Bigotry is real thing. Racism does exist. Accusing people that have an opposing view of having those traits is simply unacceptable, and it leads to a dark path.
It has been established that both sides of the political spectrum are in some way guilty of trying to suppress the action of thinking. The populace alone, however, is exponentially far less of a danger to another individual, save for acts of unsanctioned violence, such as lynching.
But what if this mission to prevent free-flowing thinking had seeped its way into the lawmakers of the United States? The cries of masses to pass laws and regulations to force people to accept what they (the masses) hold to be true bring about exactly what they want: unconstitutional laws. It doesn’t matter, then, what protected rights people have under the Constitution and the Bill of Rights, because if the populace demands an individual be thrown into prison for merely thinking a thought that disagrees with their beliefs, nobody will care if his rights are upheld.

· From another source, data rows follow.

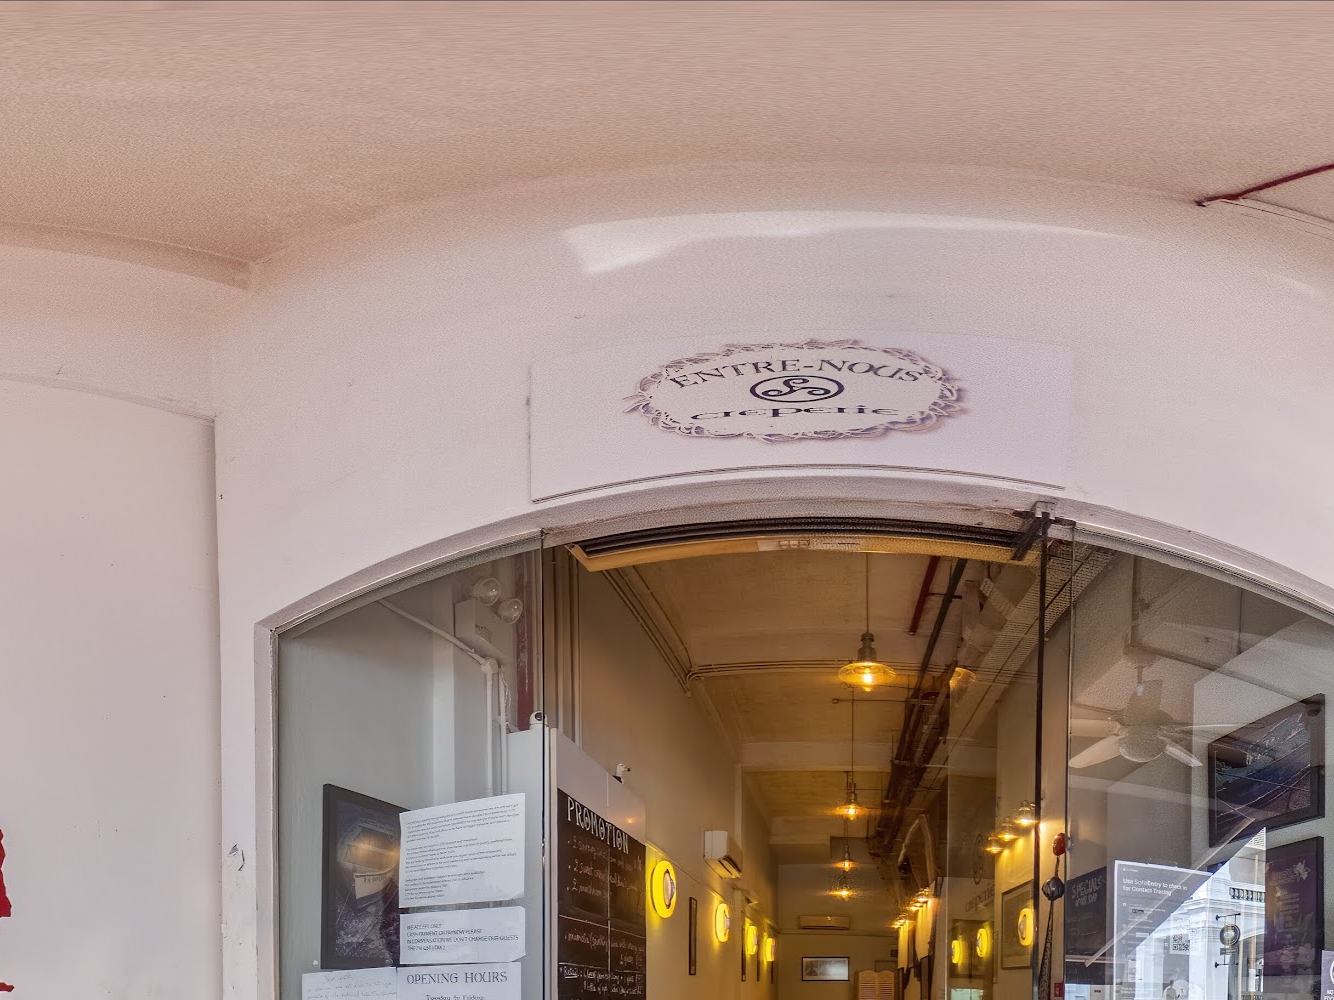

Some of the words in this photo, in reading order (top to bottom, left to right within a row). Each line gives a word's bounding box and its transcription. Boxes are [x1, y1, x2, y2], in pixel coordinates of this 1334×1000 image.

[669, 357, 923, 389] ENTRE-NOUS
[568, 796, 628, 854] PROMOTION
[1122, 877, 1134, 885] Use
[1134, 878, 1162, 888] SafeEntry
[1153, 887, 1172, 896] Tracing
[407, 972, 458, 985] OPENING
[465, 971, 508, 984] HOURS

Consider the implications of this, combined with the well-known fact that the government heavily influences main stream media. This is a fact that cannot be disputed. The government could name someone, anyone, a domestic terrorist based on their thoughts, perpetuate false claims (claims they would sell as facts), and the masses would beg for them to be locked away. What if, though, that the crimes that these individuals had committed was merely that of disagreeing with the government?
If people that spoke out against the things that their government was doing in their name only to be silenced by the precedent set by the demands of the masses, the government would be free to do whatever it wanted, regardless of the law. The Bill of Rights is not just a several rights thrown together. They are all dependent on one another; if you remove one of them, the others will crumble.